Microscopic level – from local perturbation effects to large conformational changes:
Proteins involved in cellular signaling, such as protein kinases, nuclear receptors or NMDA complex, often display a remarkable conformational plasticity. In solution, the population equilibrium between different conformational states is determined by their energetic landscape. Typically, this equilibrium can be displaced by ligand binding, phosphorylation events or point mutations. Internal modifications such as point mutations or insertion/deletion of amino acids can represent very subtle structural changes and yet have a great impact on the dynamics of the protein or induce large conformational changes at remote sites (Grant et al., 2010). It is becoming more and more clear that signal propagation occurs within individual proteins themselves through allosteric communication routes. Studies have begun to elucidate the mechanistic and thermodynamic impact of cancer mutations on protein kinases at the atomic level (Banavali & Roux, 2005, Dixit & Verkhivker, 2009, Laine et al., 2011). Recent advances in the field have permitted new strategies to emerge that target protein conformational transitions to modulate their function (Laine et al., 2010). Efforts have also been engaged to quantitatively relate equilibrium fluctuations to communication propensity or coupling between distant sites (Bahar et al., 2007, Hilser & Thompson, 2007). However a unifying framework for understanding signal transformation and noise propagation in terms of conformational fluctuations, intrinsic disorder, enthalpy/entropy balance, is still lacking.
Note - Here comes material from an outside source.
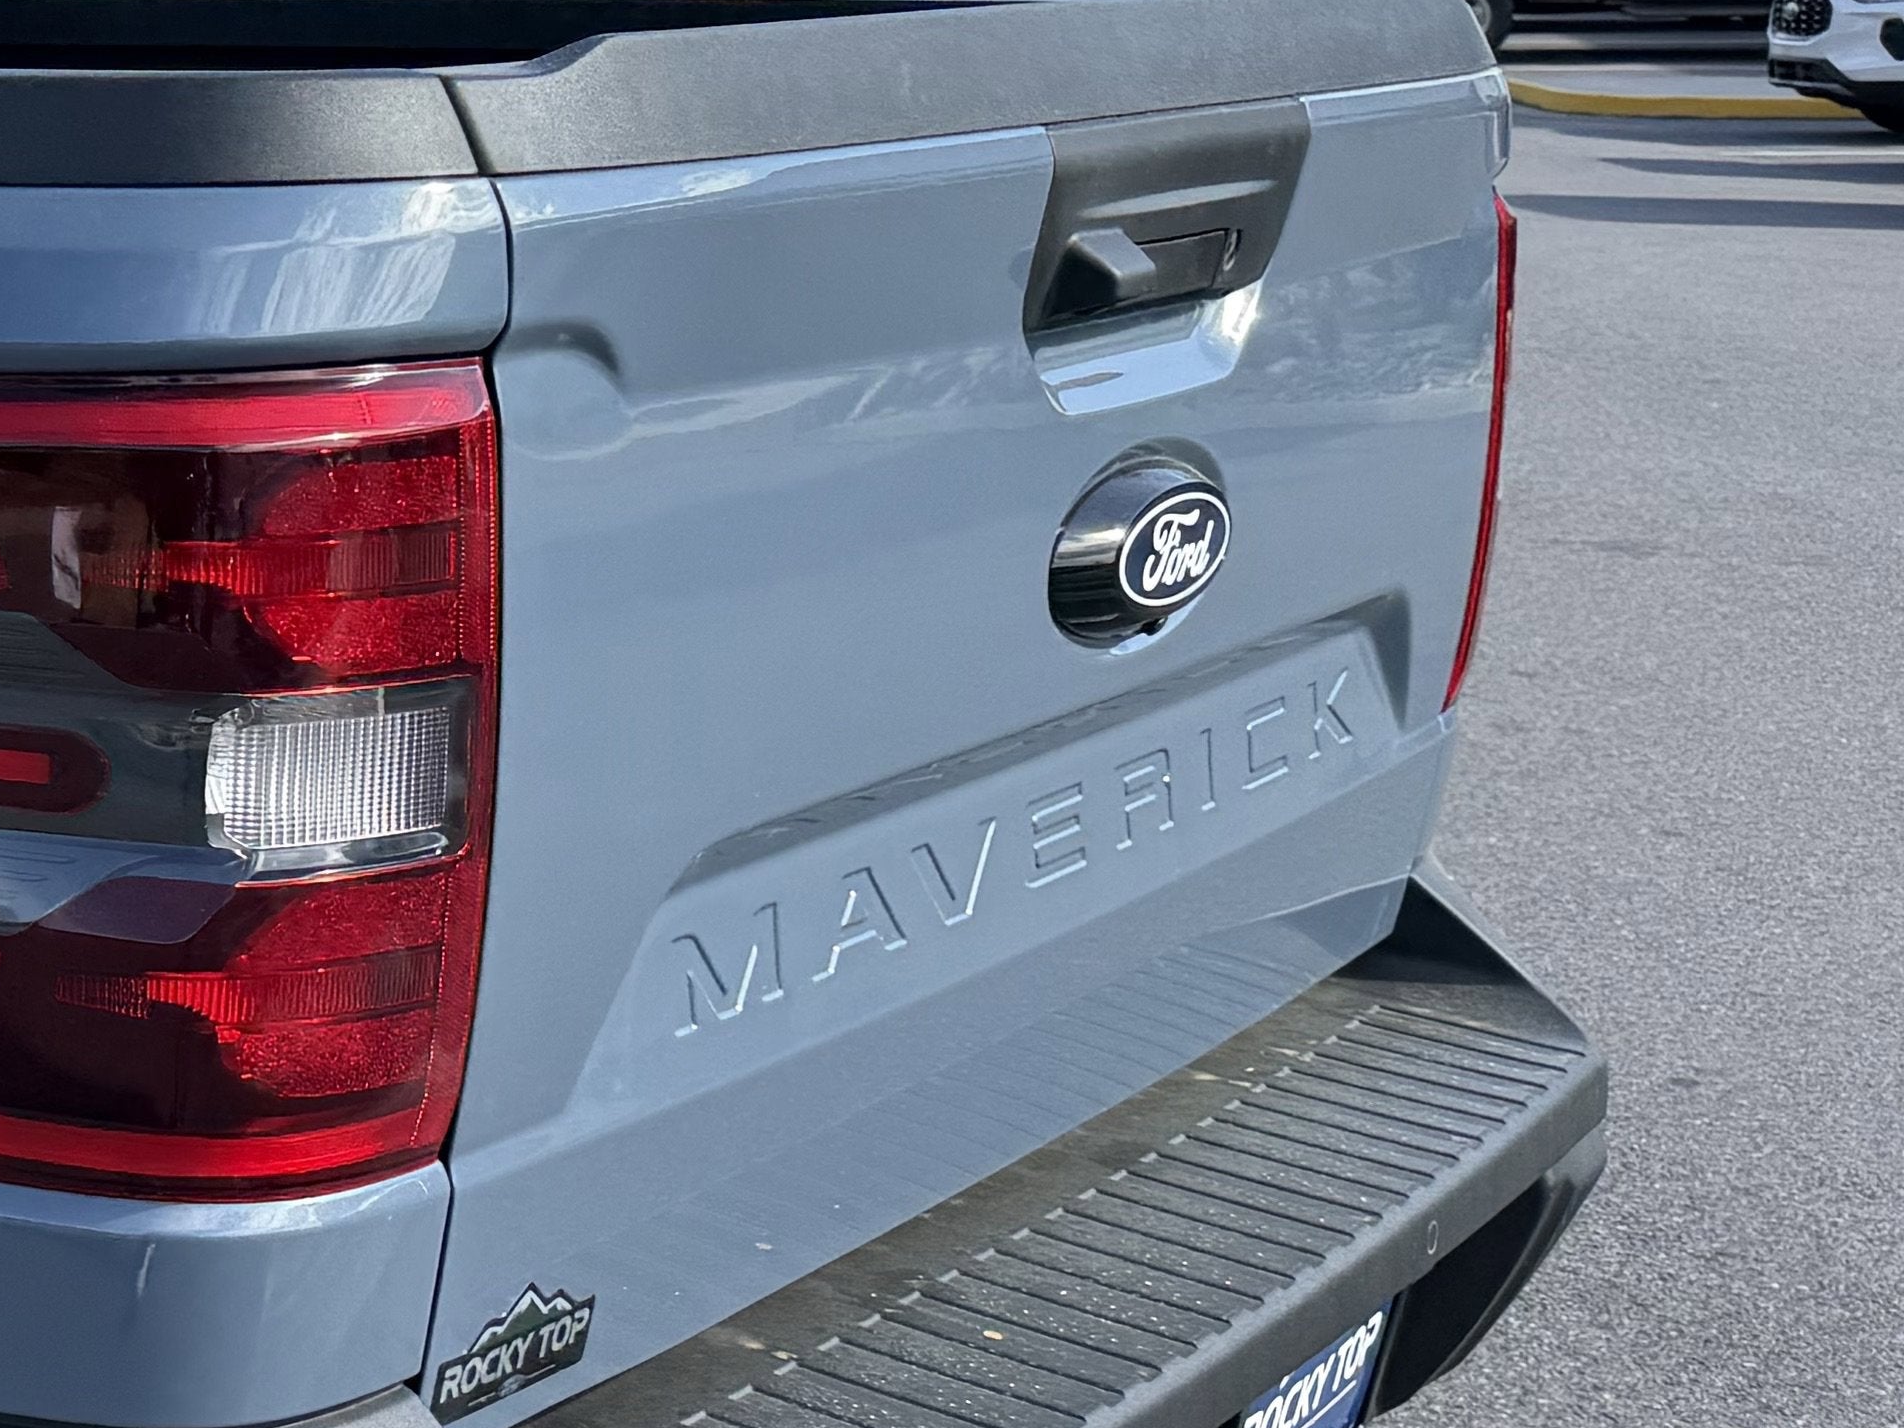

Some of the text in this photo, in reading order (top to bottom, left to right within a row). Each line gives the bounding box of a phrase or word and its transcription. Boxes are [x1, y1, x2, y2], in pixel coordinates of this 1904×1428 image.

Functional networks identification and description:
The second challenge addressed here concerns functional networks construction (Levy et al., 2009, Yosef et al., 2009) and global dynamics. According to the energy landscape theory proteins structural ensemble is modified upon changes in the environment (pH, ionic strength and temperature) (Kumar et al., 2000a, Kumar et al., 2000b). Such changes affect tens or more of proteins binding to the same “hub” that can assume a broad range of different conformations, each of which able to bind to a different partner (Dunker et al., 2005, Haynes et al., 2006) via possibly distinct binding sites (Keskin et al., 2005, Keskin et al., 2008). A largely unsolved question relates to what are the molecular specificity determinants that govern such a broad range of protein-protein associations (Tsai et al., 2009) and how diverse mutations and alterations of molecular signaling pathways resulting in the deregulation of important physiological processes and in physiopathologies (Santos et al., 2010, Schramm et al., 2010). Regarding this matter, a major challenge is to discriminate between the normal physiological processes and those corresponding to pathological functioning and understand how the subsequent changes in structure and dynamics manifest downstream.
Interplay between the challenges:
The main focus of our proposal addresses the problem of how to deal with these different organizational levels in order to link the microscopic characteristics to global behavior of a multi-component biological system. With the recent developments of multiscale representations/approaches, linking microscopic dynamical changes to macroscopic spatio-temporal dynamics is becoming possible. Several methods based on the modelling of the dynamical recognition processes taking place at protein-protein interfaces – with the aid of the already existing molecular dynamics simulations and collective movement analysis (normal modes, elastic modes or consensus modes) - can be extended to reach this goal and establish how these interactions relate to the various signalling pathways.
The methodological approaches as well as the applications in this domain may have a great impact in the medical field, and the interplay can also be foreseen between simulations and experiments.